» **Problem**
When you reply, transcribe every line of the data below exactly.
Supplied data: Begin
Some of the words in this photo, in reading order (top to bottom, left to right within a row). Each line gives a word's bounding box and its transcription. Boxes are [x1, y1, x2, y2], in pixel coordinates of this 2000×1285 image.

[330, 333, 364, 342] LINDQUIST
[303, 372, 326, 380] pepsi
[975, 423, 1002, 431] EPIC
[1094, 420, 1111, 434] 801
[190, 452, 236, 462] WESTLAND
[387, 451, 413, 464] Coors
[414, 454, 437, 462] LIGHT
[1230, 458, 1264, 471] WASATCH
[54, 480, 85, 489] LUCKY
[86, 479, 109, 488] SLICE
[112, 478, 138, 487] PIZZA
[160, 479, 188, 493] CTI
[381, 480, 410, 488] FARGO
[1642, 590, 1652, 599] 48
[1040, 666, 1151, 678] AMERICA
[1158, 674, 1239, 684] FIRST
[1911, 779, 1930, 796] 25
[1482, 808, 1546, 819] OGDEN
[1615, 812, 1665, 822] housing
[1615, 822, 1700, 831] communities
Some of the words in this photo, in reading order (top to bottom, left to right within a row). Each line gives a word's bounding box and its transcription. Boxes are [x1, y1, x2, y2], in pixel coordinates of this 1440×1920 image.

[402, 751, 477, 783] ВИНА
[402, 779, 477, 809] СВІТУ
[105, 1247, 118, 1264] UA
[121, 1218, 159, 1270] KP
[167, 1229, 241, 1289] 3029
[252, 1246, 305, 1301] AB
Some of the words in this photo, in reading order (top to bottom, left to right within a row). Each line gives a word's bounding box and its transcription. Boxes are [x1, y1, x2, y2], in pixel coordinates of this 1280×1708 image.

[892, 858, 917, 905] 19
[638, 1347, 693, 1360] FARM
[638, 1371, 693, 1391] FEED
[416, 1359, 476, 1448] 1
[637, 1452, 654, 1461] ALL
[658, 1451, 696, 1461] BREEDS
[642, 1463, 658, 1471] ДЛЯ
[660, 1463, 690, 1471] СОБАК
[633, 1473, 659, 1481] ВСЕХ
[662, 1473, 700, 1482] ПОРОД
Supplied data: End
» **Solution for this task**
Some of the words in this photo, in reading order (top to bottom, left to right within a row). Each line gives a word's bounding box and its transcription. Boxes are [x1, y1, x2, y2], in pixel coordinates of this 2000×1285 image.

[330, 333, 364, 342] LINDQUIST
[303, 372, 326, 380] pepsi
[975, 423, 1002, 431] EPIC
[1094, 420, 1111, 434] 801
[190, 452, 236, 462] WESTLAND
[387, 451, 413, 464] Coors
[414, 454, 437, 462] LIGHT
[1230, 458, 1264, 471] WASATCH
[54, 480, 85, 489] LUCKY
[86, 479, 109, 488] SLICE
[112, 478, 138, 487] PIZZA
[160, 479, 188, 493] CTI
[381, 480, 410, 488] FARGO
[1642, 590, 1652, 599] 48
[1040, 666, 1151, 678] AMERICA
[1158, 674, 1239, 684] FIRST
[1911, 779, 1930, 796] 25
[1482, 808, 1546, 819] OGDEN
[1615, 812, 1665, 822] housing
[1615, 822, 1700, 831] communities
Some of the words in this photo, in reading order (top to bottom, left to right within a row). Each line gives a word's bounding box and its transcription. Boxes are [x1, y1, x2, y2], in pixel coordinates of this 1440×1920 image.

[402, 751, 477, 783] ВИНА
[402, 779, 477, 809] СВІТУ
[105, 1247, 118, 1264] UA
[121, 1218, 159, 1270] KP
[167, 1229, 241, 1289] 3029
[252, 1246, 305, 1301] AB
Some of the words in this photo, in reading order (top to bottom, left to right within a row). Each line gives a word's bounding box and its transcription. Boxes are [x1, y1, x2, y2], in pixel coordinates of this 1280×1708 image.

[892, 858, 917, 905] 19
[638, 1347, 693, 1360] FARM
[638, 1371, 693, 1391] FEED
[416, 1359, 476, 1448] 1
[637, 1452, 654, 1461] ALL
[658, 1451, 696, 1461] BREEDS
[642, 1463, 658, 1471] ДЛЯ
[660, 1463, 690, 1471] СОБАК
[633, 1473, 659, 1481] ВСЕХ
[662, 1473, 700, 1482] ПОРОД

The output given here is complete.